Buchanan remembers what the park was like in 1979.
“There wasn’t much here but swings, a teeter-totter and a merry-go-round,” Buchanan said. “And it wasn’t maintained well by the city.”
Buchanan said she used to push her grandkids on the yellow swingset and they played on whatever else was there. She said at that time the city didn’t have the money to keep it up very well.
Cosmopolis Mayor Kyle Pauley expressed his feelings on the work at Highland Park and why it was needed.
“For the past few years, children have had to take a lot more stress from the COVID-19 pandemic than anyone and that extends to the city’s ability to improve local parks with the current budget,” Pauley said. “The city could not be more appreciative of Linda and the Friends of Highland Park to take initiative to seek the grants that give local kids and their parents a park that they deserve.”
Pauley’s “sincere hope” is additional funding will be available to improve all parks throughout Cosmopolis.

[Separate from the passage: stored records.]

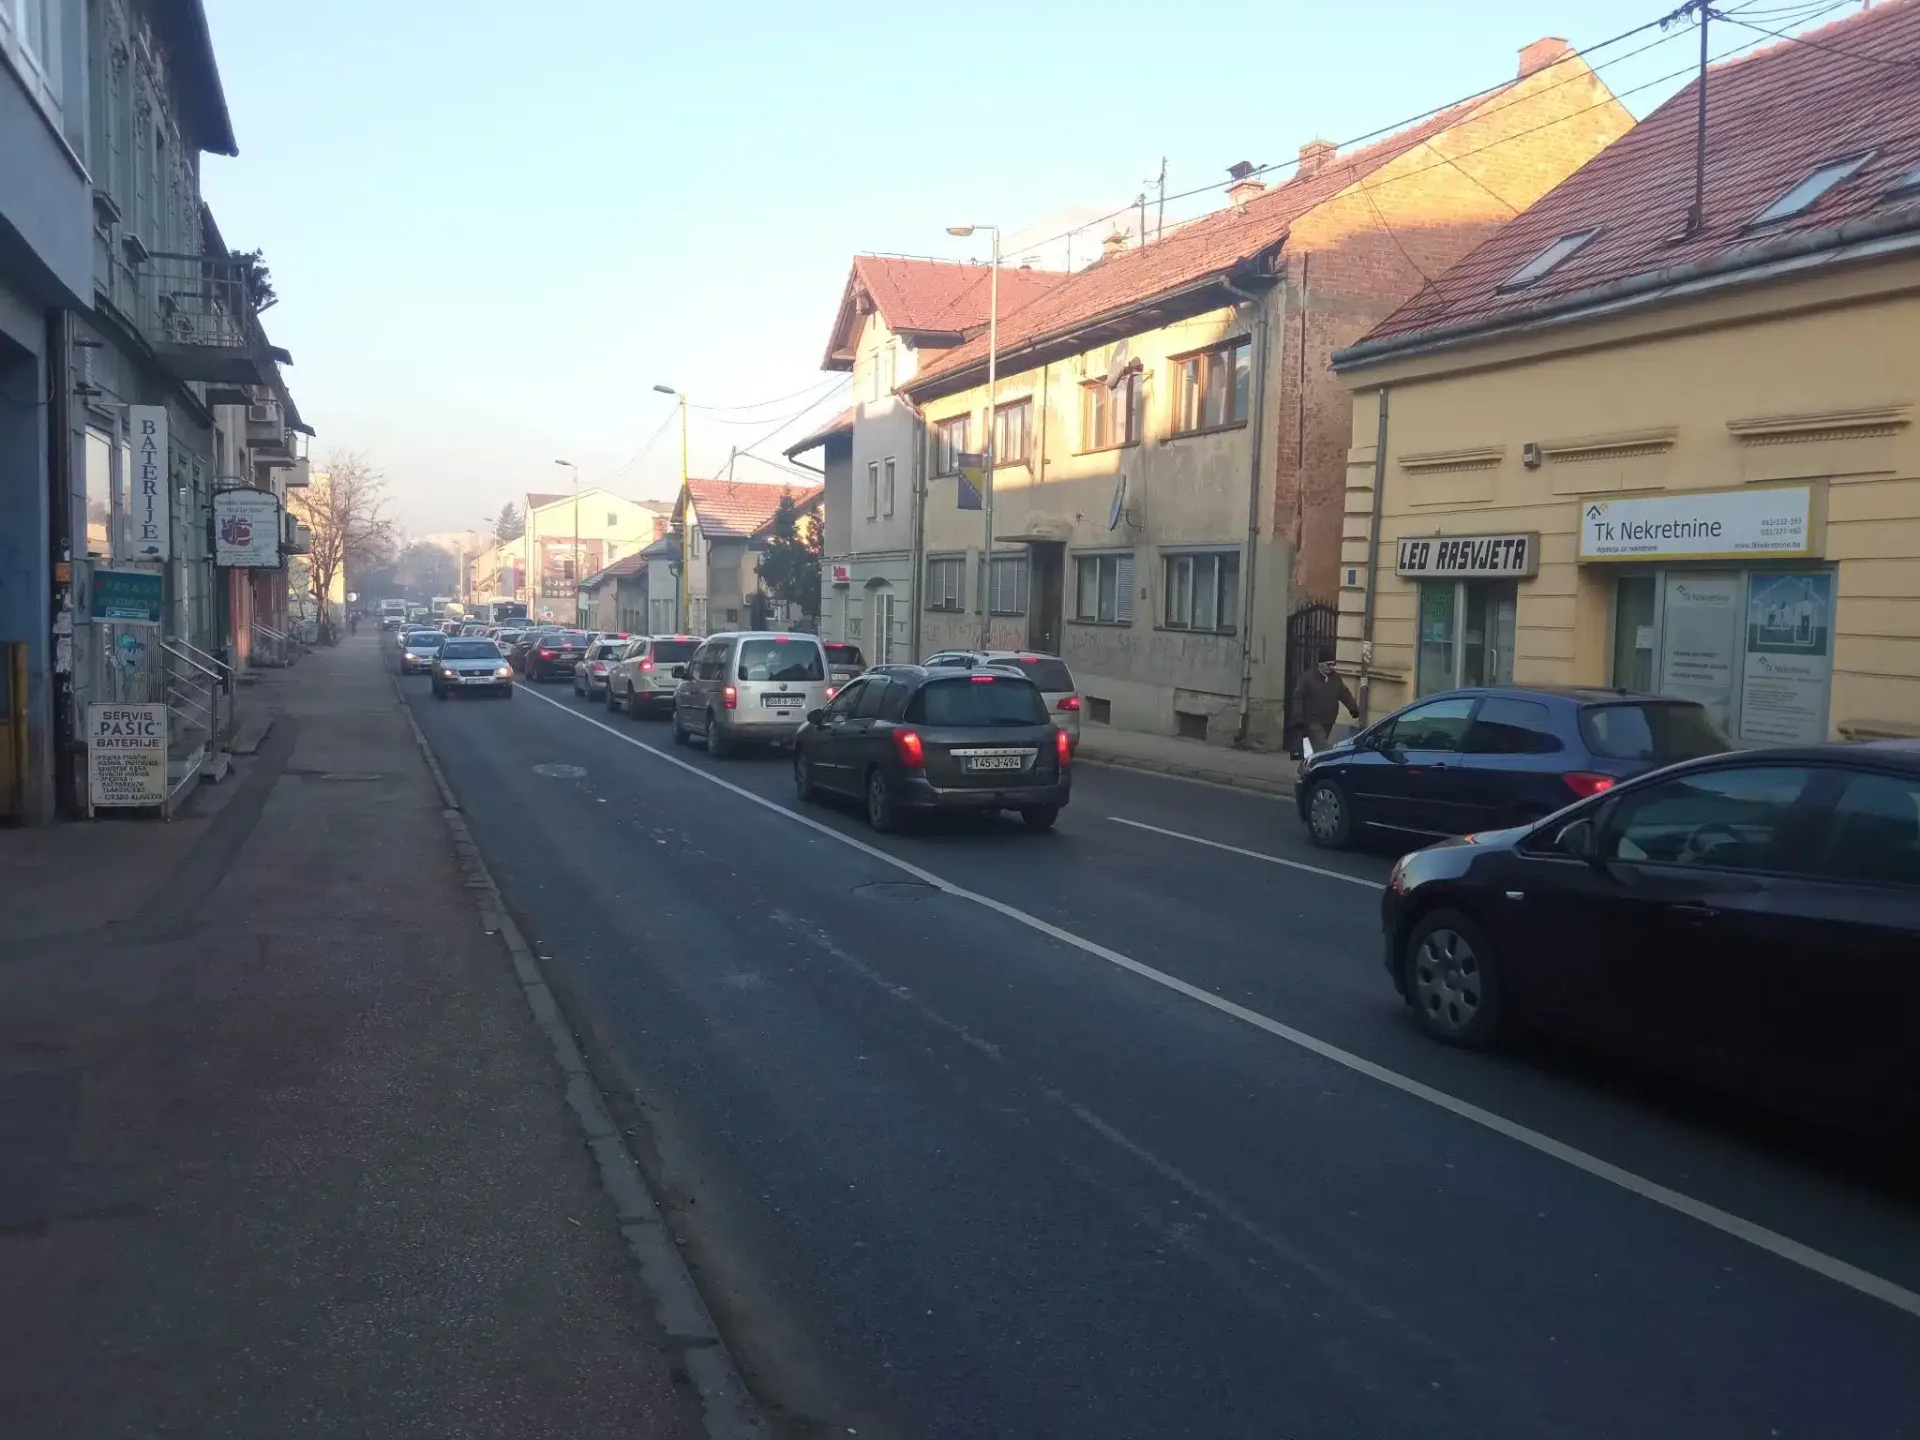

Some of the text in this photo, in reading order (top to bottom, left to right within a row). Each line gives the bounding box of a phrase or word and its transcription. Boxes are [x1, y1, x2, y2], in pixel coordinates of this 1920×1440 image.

[140, 419, 158, 540] BATERIJE
[1594, 517, 1723, 541] Tk Nekretnine
[1399, 539, 1526, 570] LED RASVJETA
[102, 711, 153, 721] SERVIS
[97, 738, 160, 748] BATERIJE
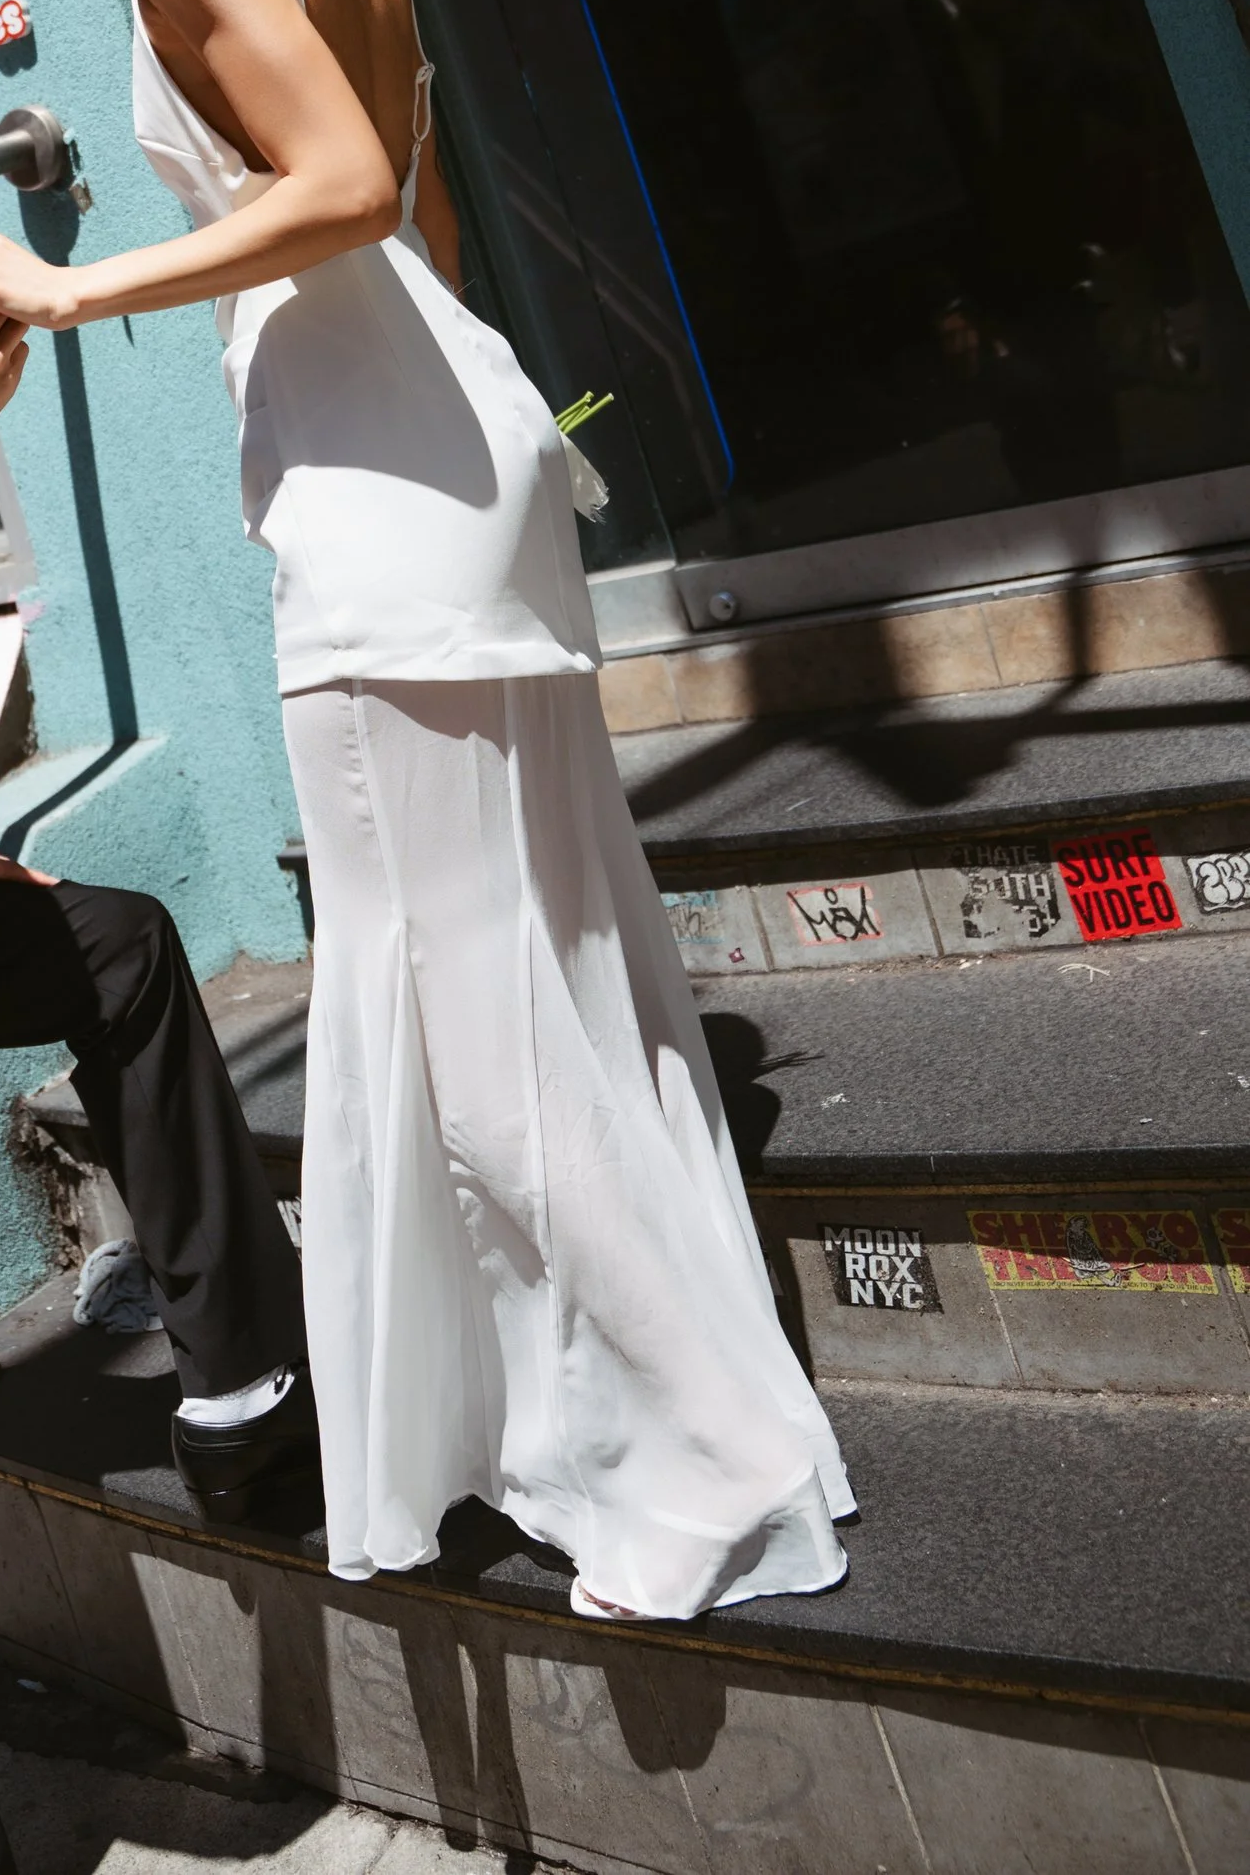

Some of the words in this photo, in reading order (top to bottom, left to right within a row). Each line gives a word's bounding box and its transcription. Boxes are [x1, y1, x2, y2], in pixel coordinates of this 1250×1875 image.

[1057, 833, 1154, 888] SURF
[1070, 882, 1176, 935] VIDEO
[823, 1226, 921, 1258] MOON
[845, 1253, 916, 1283] ROX
[850, 1279, 924, 1309] NYC

“But for the foreseeable future it will take grant funding to pay for improvements and employee time to create a safer and more vibrant parks inventory in Cosmopolis,” Pauley said.
It’s clear the work was worth it as people continued to be in awe Tuesday over the sight of the neighborhood park. Frank Chestnut, from Cosmopolis Lions Club, was one of those people.
“This is a wonderful renovation to this park,” Chestnut said. “Folks who live here got a look, saw the deplorable condition and thought ‘let’s get started.’”
The collaboration between the community and the city impressed Chestnut, who was helping “grillmaster” Smith and Dave Palmer with the food preparation.
“It’s citizen activism and volunteerism at its best,” Chestnut said.